An Unachievable Goal

Michael Bell on why the thinking behind the Iraq War guaranteed failure.

By: /
19 March, 2013
By: Michael Bell
Paul Martin (Sr.) Senior Scholar on International Diplomacy at the University of Windsor

On March 14, 2013, the Ministry of Justice in Baghdad was the scene of a hostage taking during which fourteen persons were killed and fifty wounded. Such events are an almost daily occurrence in Iraq, yet we pay little heed because current western attitudes toward the country are clouded by fatigue.  Now that American troops are out, willful ignorance has numbed us to the massive foreign policy failure of the George W. Bush administration. A naïve president bought into the pressure of commercial interests, and was persuaded by the ideology of the neo-conservatives.  Thinkers, most notably Deputy Secretary of Defense Paul Wolfowitz, were convinced that Iraq, simplistic as this idea seems today, could be quickly remade into a capitalist and democratic entity in the American image.

These thinkers were committed even beyond the overthrow of the megalomaniac Saddam Hussein and the risk of non-conventional weapons in his control – if no threat was found in the final analysis, one would have to be invented. And it was. My experience as a weapons inspector during 1997 convinced me that Saddam had abandoned his non-conventional agenda, but the American bulldozer went to work regardless of the evidence, buoyed by the need of a bruised nation post 9/11 to lash out – somewhere. Indeed, the Americans lobbied Jean Chretien to remove Paul Heinbecker, our Ambassador to the United Nations at the time, who saw through the charade and said so.

The removal of Saddam, per se, might just have turned out to be an achievement for Iraqis of all stripes, had there been an appreciation of the challenges the aftermath would present. But such was the Bush administration’s hubris that the reality of reconfiguration, reform, and reconstruction were never assessed outside the world of Straussian dreams. The institutions of the old regime that formed the “glue of governance” – the armed forces and the Ba’ath party – were dismantled. Party members of any seniority, whether university administrators or medical doctors, were sacked, leaving the country disorganized and rudderless. The Bush administration then subjected the country to American “experts” who would guide Iraqis to a new beginning. An example of these “experts” is the youth (comically) from Michigan that used their own state’s legislation to rewrite Iraqi traffic laws. American army captains dressed down tribal sheiks. Tribal, religious, ethnic, and community complexities were ignored at great cost.

The reconstruction effort, in which I played a part as Chair of the Donor Committee of the International Reconstruction Fund for Iraq (IRRFI), provided more evidence that the tight, clean reconstruction task envisaged by the neo-cons was a mirage. Remaking Iraq from scratch was an impossible mission and those within IRFFI knew it. There was never an effective coordinated effort and donors often committed their funds to their own self-serving projects at the expense of Iraq. UN agencies tussled with each other to bypass what weak management mechanisms existed. No one can say with certainty how much money made it to the projects as intended. International staff could not travel safely outside the Green Zone so virtually all operational and most financial details were left in the hands of local field management.

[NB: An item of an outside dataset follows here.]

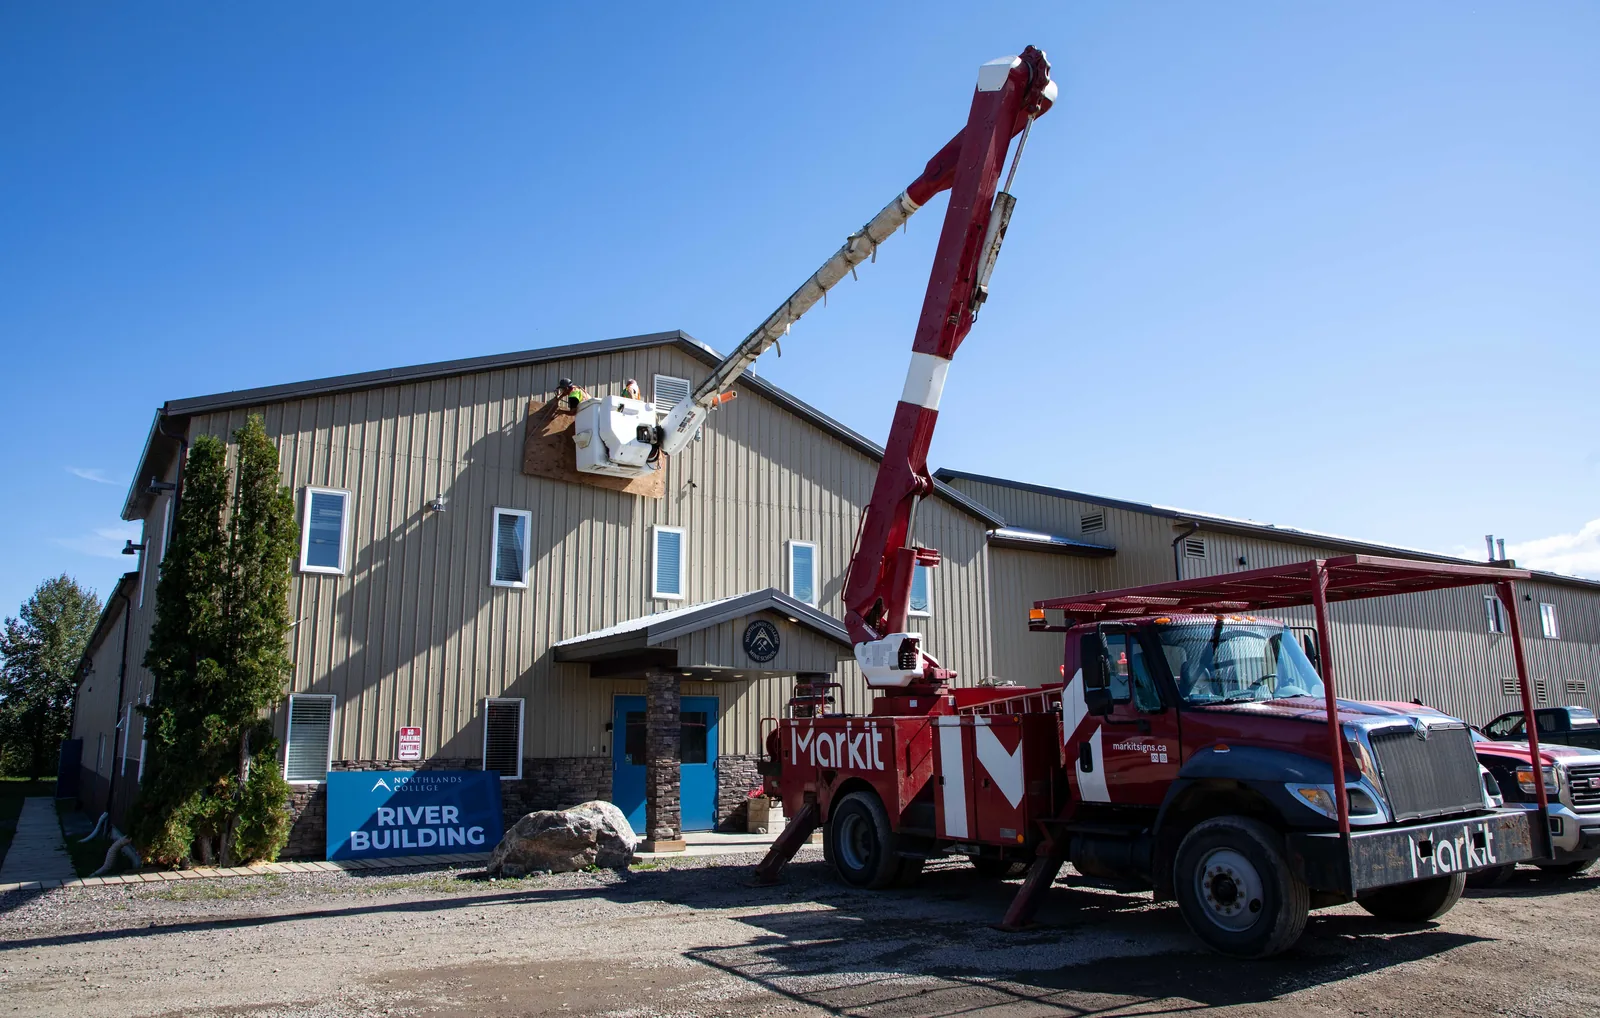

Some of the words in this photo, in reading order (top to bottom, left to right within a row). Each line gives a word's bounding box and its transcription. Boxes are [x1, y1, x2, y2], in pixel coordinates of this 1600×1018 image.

The American Inspector General for Iraqi Reconstruction released a report in March 2013 that is scathing in its criticism of incompetence, mismanagement, waste, and corruption concerning the over $60 billion spent by the United States to rebuild Iraq. The report cites the need to plan comprehensively; ensure security first and foremost; guarantee host country engagement; and make certain of oversight. But the message of the report and lesson of the war is more than that.  In the final analysis, the task was overwhelming and the goals unachievable. Thousand-year-old societies cannot be brought to heel, deconstructed and rebuilt on the basis of a radical ideology birthed at the University of Chicago and overwritten by imperial ambition.